Posters are Potent: A brief history of graphic art in service of Gaia

Recently I visited the Poster House in Manhattan—a little museum that my New York friend was impressed I had heard of. Truth is, I hadn’t, but I had stumbled on a New York Times article of one of the current exhibits—a history of environmental posters since the first Earth Day in 1970—that caught my attention.

The exhibit was moving, organized by the four elements, Earth, Air, Fire, and Water, and inclusive of works from many countries (not just the U.S.). It was also complemented by some really powerful quotations, like this doozy by Xenophon (c. 362 BC): “The Earth willingly teaches righteousness to those who can learn; for the better she is treated, the more good she gives in return.” Most importantly, the exhibit included many different styles of posters, and revealed to me what makes a powerful poster and what doesn’t.

Those that were most effective were those that forced you to stop and reflect. Not the blasé sunflower sticking out of a skyscraper or the Earth floating in a room reading “Give Earth a Chance,” but the challenging make-you-look-twice images and the ones that co-opt popular cultural icons to draw you in and question the unsustainability of modern culture.

Two examples of the latter are Porky Pig in a Gas Mask, saying “That’s All Folks!” from 1971. To me, having grown up with Looney Tunes (and never having seen that poster), this was probably my favorite (especially as the pollution is made with special paint that glows in black light). The subtle bits, like the Acme factory belting out pollution added to its cleverness as did its ultimate simplicity and reminder that we better make changes quick or face the end.

A similar, more recent effort (from 2022) co-opts the Count from Sesame Street to “Count down to Mass Extinction,” showcasing 2° (a dangerous level of climate change the world vaguely agreed not to transcend) as the numeric celebrity.

“1, 2, 3 degrees to death.
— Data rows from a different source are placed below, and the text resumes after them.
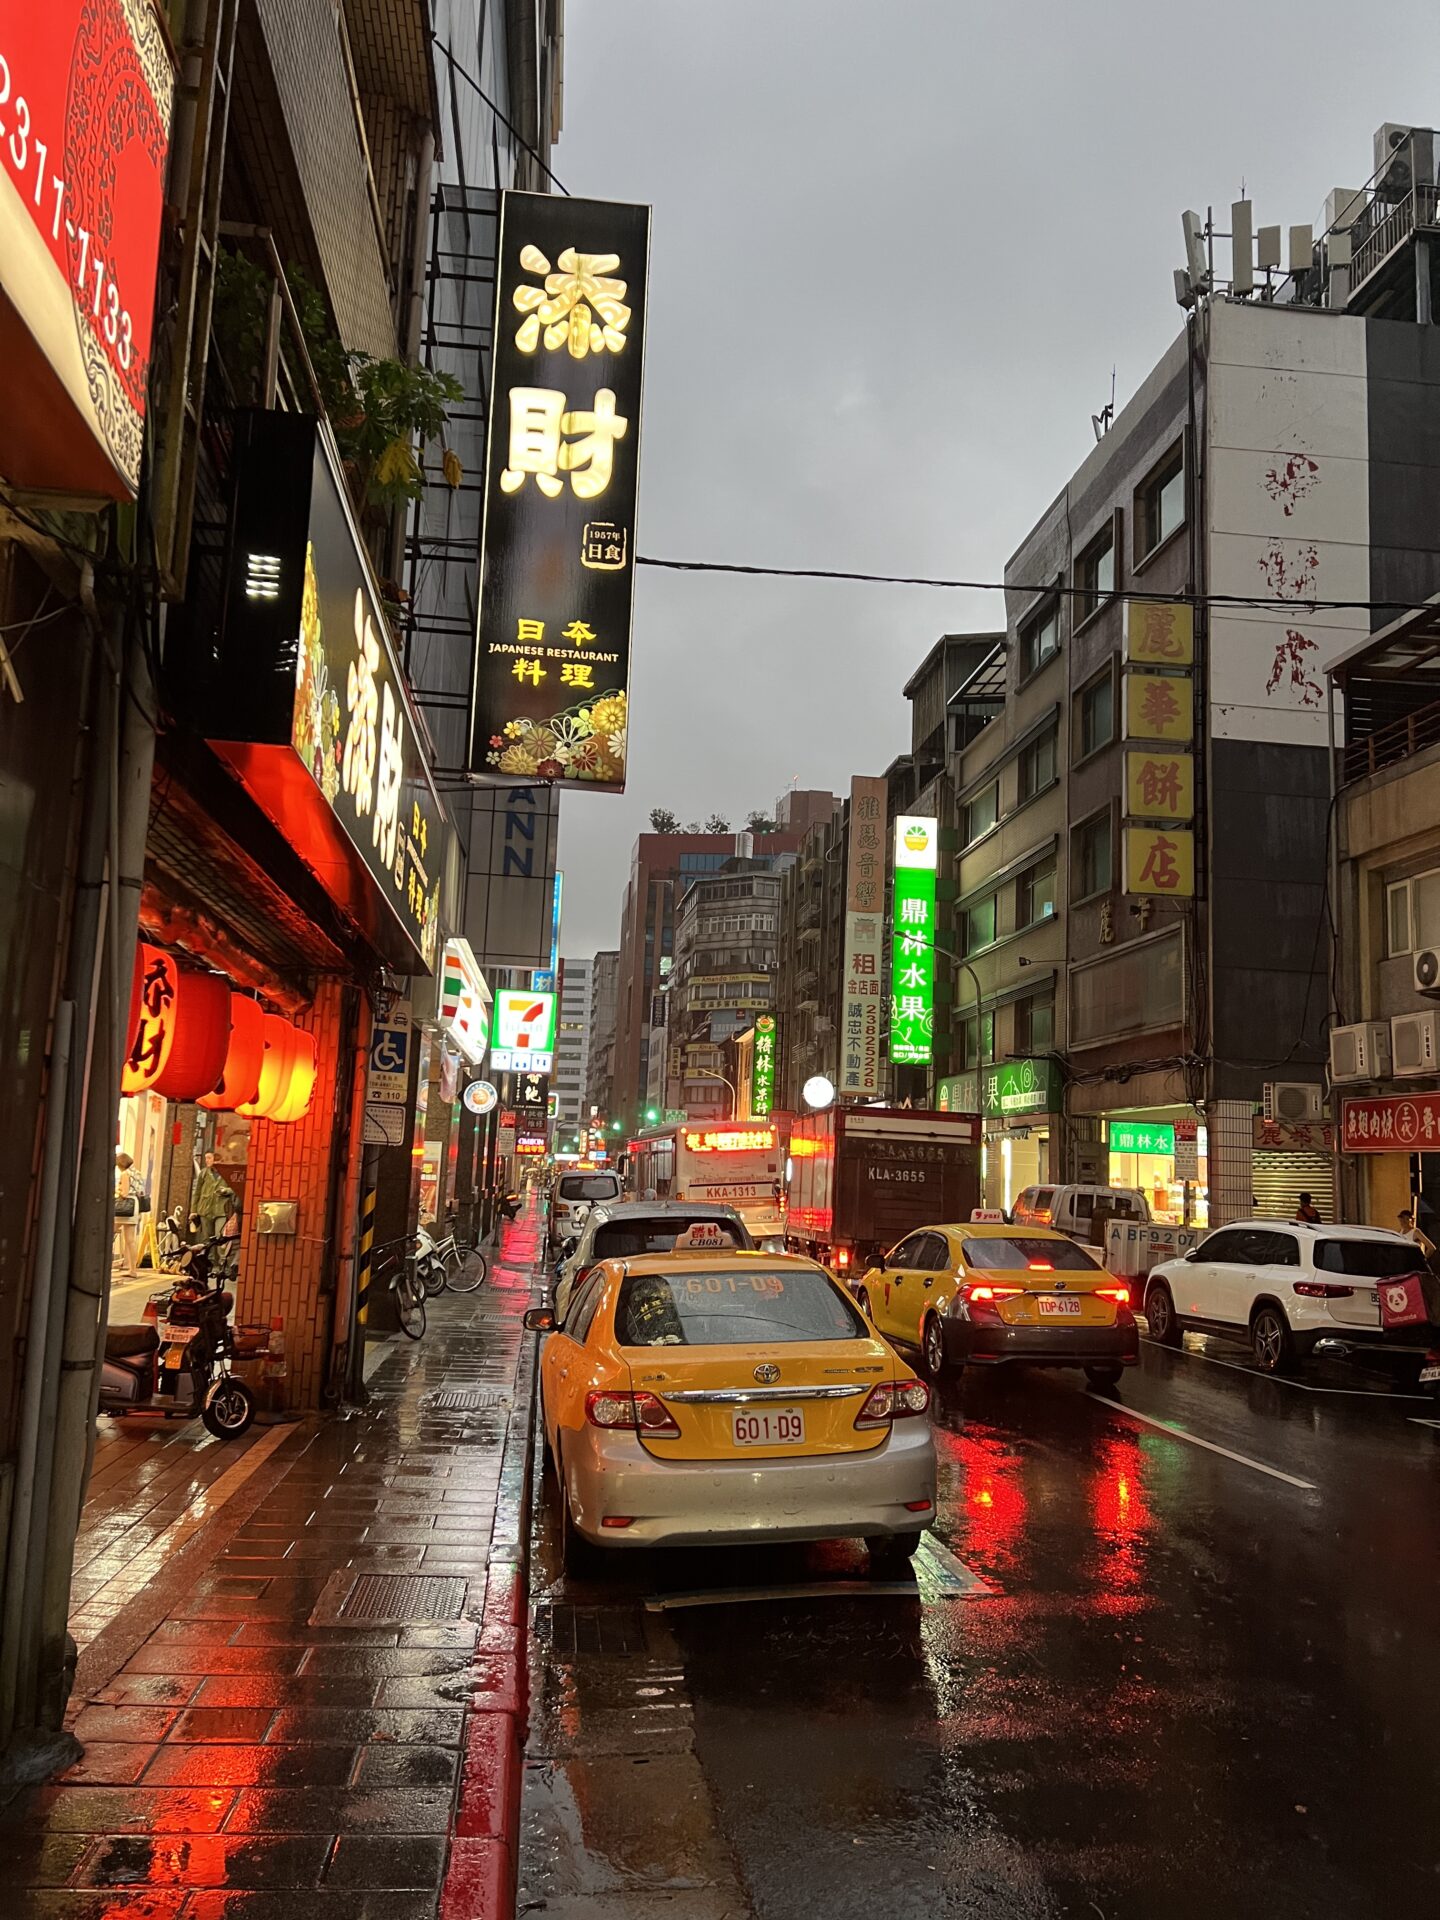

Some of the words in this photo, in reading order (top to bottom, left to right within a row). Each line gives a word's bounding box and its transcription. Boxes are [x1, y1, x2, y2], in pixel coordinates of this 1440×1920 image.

[590, 530, 621, 541] 1957年
[488, 643, 545, 656] JAPANESE
[546, 647, 619, 663] RESTAURANT
[1135, 605, 1185, 890] 麗華餅店
[852, 952, 876, 975] 租
[898, 898, 929, 1022] 鼎林水果
[846, 980, 880, 996] 金店面
[844, 1002, 863, 1088] 誠忠不動產
[863, 1004, 878, 1088] 23825228
[386, 1092, 401, 1100] 110
[1421, 1106, 1440, 1139] 魯
[868, 1167, 926, 1183] KLA-3655
[706, 1186, 757, 1198] KKA-1313
[1039, 1301, 1081, 1313] TDP-6128
[735, 1414, 801, 1440] 601-D9
Bwa ha ha!” (Count poster by Winston Tseng, 2022, and Porky poster by Unknown, 1971. All photos by Erik Assadourian unless otherwise noted).

Though sometimes, edgy, too, can be co-opted, like this poster advertisement by Lexus conveying that you can save nature (and the whales) by buying a luxury hybrid car (and look chic doing so). While just six years old, this poster seems far more dated than some from the 70s—in its sheer inappropriate tone.

2017 poster by the advertising behemoth Ogilvy & Mather (now Ogilvy), proudly finding new ways to sell us more stuff.

“Gas Masks and Honeybees”

Of course, when seeing many posters all at once, one does start seeing certain tropes. And as the curators note in the introductory panel, too many of these posters “relied heavily on clear visual culture…what one critic labeled “gas masks and honeybees”—creating a graphic sameness regardless of country or issue.”

Thinking… on a cloudy morning. (Posters by Ray Osrin, 1970, and Seymour Chwast, 1995, respectively.)

One reminder I had as I walked through the collection is that negative imagery can go too far, shifting the viewer from engaging to shutting down. I didn’t find that with the skull floating in a glass of polluted water, or all the dire textual warnings, but I did with this clever image of a baby polar bear looking for her mother. On first glance, the cub is on an iceberg, but look again and it’s horrific. I actually physically recoiled when I saw it.

Fortunately, the famous kid’s book “Are You My Mother?” did not take inspiration from this poster! (Poster by Yen-Change Cheng and Hung-Yu Chen.)

And yes, there were many positive messages, like a UNEP “For Every Child a Tree” poster by kids’ book writer Eric Carle (of Hungry Caterpillar fame). But these just didn’t have the same power.

One interesting juxtaposition: an educational poster from 1973 explaining to car customers that dealers will not dismantle emission controls, because it’s illegal and polluting. Compare that to the fake Volkswagen ad not apologizing for skirting emissions controls but for “getting caught” (in the famous VW ad style). In many ways we’ve gone backwards in the past 50 years, a continuing source of frustration to the many who have devoted their lives to this fight for sustainability and sanity.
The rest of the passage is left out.